【大人の発達障害】ASDの向いている仕事って何?オススメの働き方も解説【アスペルガー】

アスペルガー症候群(現在は自閉スペクトラム症に含まれる)は、発達障害の一種であり、先天的に脳の機能に偏りがあることによって、対人関係や職場でのトラブルを抱えやすい傾向があります。今回はアスペルガー症候群のある人が仕事上で起こしやすい4つのトラブルと、それを踏まえて向いている仕事・向いていない仕事について解説します。

アスペルガー症候群とは?

アスペルガー症候群は、自閉スペクトラム症(ASD)の一部とされる障害で、知的発達や言語能力には遅れがない一方で、対人コミュニケーションや社会的なやりとりに困難を抱えるという特徴があります。近年は診断名として「アスペルガー症候群」よりも「自閉スペクトラム症」が使われるようになってきましたが、今回の記事では分かりやすさのためにアスペルガーという表現を使って解説します。

アスペルガー症候群の人が仕事で起こしやすいトラブル4

アスペルガー症候群の人が仕事で起こしやすいトラブル4選

1. 作業に過度にこだわってしまい、時間がかかる

与えられた作業に対して必要以上に完璧を求めてしまう傾向があり、その結果、定められた時間内に仕事を終えられず、遅延が発生することがあります。これは「こだわりの強さ」という特性が影響しています。

2. 周囲と連携がうまく取れない

報告・連絡・相談、いわゆる「ほうれんそう」が苦手で、上司や同僚を無意識に怒らせてしまうこともあります。相手の気持ちや職場の空気を読み取ることが難しいため、トラブルにつながることがあるのです。たとえば、あるプロジェクトで「みんなが作らなくていい」と言ったことをそのまま鵜呑みにして報告を怠り、結果として上司から叱責される、といった場面が起こり得ます。

3. 指示通りに作業ができない

「なるべく早めに」「いい感じで」など、曖昧な表現で指示された内容を正確に理解することが難しいケースがあります。
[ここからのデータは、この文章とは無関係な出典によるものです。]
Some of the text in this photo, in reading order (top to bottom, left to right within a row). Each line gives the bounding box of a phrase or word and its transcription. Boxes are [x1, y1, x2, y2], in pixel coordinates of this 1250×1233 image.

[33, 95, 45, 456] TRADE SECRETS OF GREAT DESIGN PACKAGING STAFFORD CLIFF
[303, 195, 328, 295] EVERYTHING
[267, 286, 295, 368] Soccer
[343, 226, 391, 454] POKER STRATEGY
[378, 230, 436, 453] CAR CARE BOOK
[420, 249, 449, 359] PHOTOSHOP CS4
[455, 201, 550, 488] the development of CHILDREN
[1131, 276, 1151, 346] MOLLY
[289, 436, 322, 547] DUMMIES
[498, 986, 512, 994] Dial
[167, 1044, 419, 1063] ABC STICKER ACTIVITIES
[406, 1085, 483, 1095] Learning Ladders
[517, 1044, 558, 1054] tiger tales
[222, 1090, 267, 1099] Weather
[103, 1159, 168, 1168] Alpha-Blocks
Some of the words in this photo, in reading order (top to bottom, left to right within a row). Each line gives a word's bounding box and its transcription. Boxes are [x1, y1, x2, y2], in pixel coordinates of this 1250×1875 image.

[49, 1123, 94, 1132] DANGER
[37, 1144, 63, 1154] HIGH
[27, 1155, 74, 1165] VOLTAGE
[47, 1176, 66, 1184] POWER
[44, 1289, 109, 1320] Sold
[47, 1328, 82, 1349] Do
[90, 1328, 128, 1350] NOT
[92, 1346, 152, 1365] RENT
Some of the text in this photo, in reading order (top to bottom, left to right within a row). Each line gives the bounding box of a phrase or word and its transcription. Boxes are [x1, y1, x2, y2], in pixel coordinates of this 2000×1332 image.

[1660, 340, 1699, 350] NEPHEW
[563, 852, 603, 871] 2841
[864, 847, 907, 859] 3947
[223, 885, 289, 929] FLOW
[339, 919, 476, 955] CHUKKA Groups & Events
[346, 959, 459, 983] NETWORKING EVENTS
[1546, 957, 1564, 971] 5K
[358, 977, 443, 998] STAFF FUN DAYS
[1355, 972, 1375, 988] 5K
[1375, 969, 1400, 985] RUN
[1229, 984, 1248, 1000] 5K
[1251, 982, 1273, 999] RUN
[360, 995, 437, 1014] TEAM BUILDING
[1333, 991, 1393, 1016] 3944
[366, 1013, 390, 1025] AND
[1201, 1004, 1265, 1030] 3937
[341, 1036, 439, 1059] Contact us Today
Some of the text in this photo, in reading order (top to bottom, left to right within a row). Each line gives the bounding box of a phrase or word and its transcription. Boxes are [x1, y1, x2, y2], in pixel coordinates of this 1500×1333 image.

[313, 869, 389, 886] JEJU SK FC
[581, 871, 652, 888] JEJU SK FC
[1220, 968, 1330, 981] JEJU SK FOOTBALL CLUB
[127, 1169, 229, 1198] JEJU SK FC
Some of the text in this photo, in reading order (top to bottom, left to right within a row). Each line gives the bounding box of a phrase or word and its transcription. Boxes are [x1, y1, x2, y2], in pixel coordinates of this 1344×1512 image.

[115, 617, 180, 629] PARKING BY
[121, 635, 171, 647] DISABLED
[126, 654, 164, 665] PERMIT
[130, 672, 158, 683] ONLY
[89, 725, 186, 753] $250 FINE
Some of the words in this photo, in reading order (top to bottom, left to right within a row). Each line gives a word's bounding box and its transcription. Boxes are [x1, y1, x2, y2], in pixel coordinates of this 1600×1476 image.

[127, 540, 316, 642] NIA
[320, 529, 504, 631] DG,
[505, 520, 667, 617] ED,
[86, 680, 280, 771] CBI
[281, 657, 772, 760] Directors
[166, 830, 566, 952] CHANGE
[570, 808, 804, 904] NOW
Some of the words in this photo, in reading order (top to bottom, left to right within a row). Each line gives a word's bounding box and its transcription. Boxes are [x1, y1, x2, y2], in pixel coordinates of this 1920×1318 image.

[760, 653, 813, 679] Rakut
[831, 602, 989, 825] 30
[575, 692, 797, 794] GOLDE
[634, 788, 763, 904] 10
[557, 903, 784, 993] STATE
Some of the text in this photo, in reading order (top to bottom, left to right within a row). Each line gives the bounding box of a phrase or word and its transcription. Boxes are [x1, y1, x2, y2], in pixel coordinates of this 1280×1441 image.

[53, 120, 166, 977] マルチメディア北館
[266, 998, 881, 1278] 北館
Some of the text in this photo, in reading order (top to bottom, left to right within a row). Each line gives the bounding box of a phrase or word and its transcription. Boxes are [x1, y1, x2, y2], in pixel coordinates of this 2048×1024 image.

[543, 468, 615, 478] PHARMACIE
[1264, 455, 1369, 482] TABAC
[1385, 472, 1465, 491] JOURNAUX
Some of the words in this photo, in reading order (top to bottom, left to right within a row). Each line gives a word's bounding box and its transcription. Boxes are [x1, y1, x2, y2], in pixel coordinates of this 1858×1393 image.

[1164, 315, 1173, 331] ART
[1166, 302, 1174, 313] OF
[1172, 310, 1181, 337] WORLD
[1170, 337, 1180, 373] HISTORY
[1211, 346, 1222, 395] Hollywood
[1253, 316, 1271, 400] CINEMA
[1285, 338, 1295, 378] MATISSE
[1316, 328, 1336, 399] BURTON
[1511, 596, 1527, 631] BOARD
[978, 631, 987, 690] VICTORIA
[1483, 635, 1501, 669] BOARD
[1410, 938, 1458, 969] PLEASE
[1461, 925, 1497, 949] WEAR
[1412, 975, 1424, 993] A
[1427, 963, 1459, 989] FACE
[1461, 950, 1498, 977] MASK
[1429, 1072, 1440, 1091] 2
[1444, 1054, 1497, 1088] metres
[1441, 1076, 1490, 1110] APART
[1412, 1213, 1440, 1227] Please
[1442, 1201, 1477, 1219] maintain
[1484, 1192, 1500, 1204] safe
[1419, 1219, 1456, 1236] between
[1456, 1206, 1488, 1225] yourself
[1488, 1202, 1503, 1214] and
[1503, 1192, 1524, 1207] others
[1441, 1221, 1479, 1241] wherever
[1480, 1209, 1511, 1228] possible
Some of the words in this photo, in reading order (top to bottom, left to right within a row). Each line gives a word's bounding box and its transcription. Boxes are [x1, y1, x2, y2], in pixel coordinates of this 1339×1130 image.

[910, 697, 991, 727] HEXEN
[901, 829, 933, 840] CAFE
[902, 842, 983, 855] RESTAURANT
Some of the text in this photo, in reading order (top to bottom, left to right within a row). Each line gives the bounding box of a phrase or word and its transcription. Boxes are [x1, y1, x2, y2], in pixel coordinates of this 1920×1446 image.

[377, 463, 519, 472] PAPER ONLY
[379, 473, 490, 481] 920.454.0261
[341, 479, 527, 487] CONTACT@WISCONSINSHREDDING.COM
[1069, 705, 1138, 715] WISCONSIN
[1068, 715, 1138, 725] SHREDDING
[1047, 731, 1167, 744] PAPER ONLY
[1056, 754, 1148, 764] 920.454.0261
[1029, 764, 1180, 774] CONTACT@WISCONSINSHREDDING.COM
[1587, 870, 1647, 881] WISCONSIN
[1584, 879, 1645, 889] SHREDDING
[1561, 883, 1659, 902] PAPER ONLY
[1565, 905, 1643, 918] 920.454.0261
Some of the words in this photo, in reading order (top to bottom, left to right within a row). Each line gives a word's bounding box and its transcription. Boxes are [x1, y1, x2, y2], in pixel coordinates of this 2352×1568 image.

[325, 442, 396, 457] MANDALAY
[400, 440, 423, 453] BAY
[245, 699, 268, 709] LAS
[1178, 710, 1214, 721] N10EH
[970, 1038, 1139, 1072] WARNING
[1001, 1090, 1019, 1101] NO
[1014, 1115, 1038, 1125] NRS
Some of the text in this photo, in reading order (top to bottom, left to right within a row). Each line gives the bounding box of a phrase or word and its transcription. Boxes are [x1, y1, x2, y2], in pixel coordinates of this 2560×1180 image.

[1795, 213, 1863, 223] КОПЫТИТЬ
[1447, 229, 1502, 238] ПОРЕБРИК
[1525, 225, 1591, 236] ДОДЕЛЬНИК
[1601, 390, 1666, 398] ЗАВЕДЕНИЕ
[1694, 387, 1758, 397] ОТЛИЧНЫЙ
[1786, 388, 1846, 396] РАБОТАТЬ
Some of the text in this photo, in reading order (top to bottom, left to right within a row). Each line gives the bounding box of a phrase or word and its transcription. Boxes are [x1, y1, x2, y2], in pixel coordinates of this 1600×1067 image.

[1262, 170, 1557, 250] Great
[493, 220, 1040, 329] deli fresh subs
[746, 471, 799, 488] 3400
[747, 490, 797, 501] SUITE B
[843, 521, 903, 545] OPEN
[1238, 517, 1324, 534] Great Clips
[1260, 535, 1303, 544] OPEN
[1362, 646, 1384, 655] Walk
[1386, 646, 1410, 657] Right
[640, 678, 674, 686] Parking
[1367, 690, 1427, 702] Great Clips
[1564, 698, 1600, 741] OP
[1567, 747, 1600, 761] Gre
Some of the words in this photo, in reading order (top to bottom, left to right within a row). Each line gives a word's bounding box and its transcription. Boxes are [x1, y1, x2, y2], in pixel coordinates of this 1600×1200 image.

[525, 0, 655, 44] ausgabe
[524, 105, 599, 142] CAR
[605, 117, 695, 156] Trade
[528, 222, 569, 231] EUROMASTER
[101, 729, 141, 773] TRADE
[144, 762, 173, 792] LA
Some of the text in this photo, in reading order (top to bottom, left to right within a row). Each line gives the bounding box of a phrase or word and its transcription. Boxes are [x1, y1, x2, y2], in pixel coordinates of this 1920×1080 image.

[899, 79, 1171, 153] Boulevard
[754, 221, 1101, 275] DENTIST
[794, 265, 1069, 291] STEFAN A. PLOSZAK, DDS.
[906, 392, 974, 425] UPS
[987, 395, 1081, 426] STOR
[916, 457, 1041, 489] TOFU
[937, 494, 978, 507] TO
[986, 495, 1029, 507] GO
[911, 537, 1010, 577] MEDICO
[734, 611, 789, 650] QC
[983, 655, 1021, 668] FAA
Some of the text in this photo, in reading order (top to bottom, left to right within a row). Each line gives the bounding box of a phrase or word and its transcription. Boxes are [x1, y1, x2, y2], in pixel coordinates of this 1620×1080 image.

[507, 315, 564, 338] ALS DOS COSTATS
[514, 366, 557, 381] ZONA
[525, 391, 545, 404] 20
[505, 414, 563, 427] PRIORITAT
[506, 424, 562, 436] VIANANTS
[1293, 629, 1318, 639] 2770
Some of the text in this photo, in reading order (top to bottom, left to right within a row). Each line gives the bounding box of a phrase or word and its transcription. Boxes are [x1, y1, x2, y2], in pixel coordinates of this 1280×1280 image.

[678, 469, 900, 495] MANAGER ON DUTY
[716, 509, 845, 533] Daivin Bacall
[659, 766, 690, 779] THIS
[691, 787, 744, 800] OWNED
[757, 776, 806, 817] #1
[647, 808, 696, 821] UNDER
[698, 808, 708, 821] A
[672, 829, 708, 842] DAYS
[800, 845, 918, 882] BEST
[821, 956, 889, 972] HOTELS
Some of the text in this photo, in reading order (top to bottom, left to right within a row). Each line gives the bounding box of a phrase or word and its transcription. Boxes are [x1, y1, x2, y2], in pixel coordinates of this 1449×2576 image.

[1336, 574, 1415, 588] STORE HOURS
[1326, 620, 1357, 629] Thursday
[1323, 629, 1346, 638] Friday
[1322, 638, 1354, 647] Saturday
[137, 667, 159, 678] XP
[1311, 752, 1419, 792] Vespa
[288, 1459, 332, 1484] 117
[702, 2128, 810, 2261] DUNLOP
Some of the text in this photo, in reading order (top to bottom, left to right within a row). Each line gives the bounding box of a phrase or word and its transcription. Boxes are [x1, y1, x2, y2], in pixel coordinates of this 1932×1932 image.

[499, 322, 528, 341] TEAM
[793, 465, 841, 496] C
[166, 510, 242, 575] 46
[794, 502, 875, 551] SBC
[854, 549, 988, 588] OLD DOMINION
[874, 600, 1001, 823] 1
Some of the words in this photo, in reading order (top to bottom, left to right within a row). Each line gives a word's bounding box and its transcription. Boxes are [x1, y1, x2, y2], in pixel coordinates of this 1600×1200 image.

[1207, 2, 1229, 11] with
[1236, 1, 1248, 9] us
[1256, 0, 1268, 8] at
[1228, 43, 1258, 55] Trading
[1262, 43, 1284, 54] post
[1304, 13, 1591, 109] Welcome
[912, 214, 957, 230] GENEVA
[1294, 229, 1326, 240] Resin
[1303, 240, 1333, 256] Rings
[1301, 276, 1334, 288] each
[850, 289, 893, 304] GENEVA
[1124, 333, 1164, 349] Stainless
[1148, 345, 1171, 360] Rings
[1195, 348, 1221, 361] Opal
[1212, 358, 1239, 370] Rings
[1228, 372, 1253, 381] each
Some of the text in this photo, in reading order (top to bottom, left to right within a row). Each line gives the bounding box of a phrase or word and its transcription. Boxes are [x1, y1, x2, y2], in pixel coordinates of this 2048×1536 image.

「わからない」と言えずにそのまま作業を進め、後で「全然違う」と叱られるパターンも少なくありません。

4. 突発的なトラブルや臨機応変な対応が苦手

アスペルガーの特性として、予測や想像が苦手なため、急な変更や予期せぬ事態が発生するとフリーズしてしまい、どう対処してよいか分からなくなることがあります。柔軟性が求められる場面では、パニックに陥るリスクも高まります。

アスペルガー症候群の人に向いている仕事の特徴

こうしたトラブル傾向を踏まえると、アスペルガー症候群の人にとって向いている仕事には以下の3つの特徴があります。

1. 人との関わりが少ない仕事

対人関係のトラブルが起きにくいため、コミュニケーションを必要最小限に抑えられる仕事が適しています。

2. 黙々と集中できる仕事

自分の興味関心がある分野においては、定型発達の人以上の集中力を発揮することがあり、単調で反復的な作業や細部にこだわる必要がある作業に強みを発揮できます。

3. 論理的な思考が求められる仕事

論理的な思考力が高い人も多く、パターンやルールに基づいた作業には強みがあります。数学的な処理やシステム的な分析などが求められる業務では、その力が活かされます。

向いている具体的な職種例

向いている具体的な職種例

以下のような職種は、上記の特徴を備えており、アスペルガー症候群の人に適しているとされています。

  • プログラマー・エンジニア
     論理的な思考と集中力が求められ、人間関係よりも技術力が重視される。
  • 研究者
     一人で黙々と研究に没頭する環境が整っており、専門性を活かしやすい。
  • 校正者・校閲者
     細部に気づく能力を活かせる職種。ミスを見つけ出す力が求められる。
  • ゲームデバッカー
     プログラムのバグを見つけ出す仕事で、粘り強く注意深く作業する力が問われる。

これらの仕事はいずれも、人と接する機会が比較的少なく、自分の得意なことを活かせる可能性があります。

まとめ

アスペルガー症候群のある人は、職場での対人トラブルや指示の理解に困難を感じることがありますが、反面、集中力や論理的思考などの強みを活かせば、自分に合った職場環境で能力を発揮できます。大切なのは、自分の特性を理解し、適切なサポートや職場選びを行うことです。向いていない仕事に無理して適応しようとするのではなく、自分の強みに合った働き方を模索することが、長く安定して働くためのカギとなるでしょう。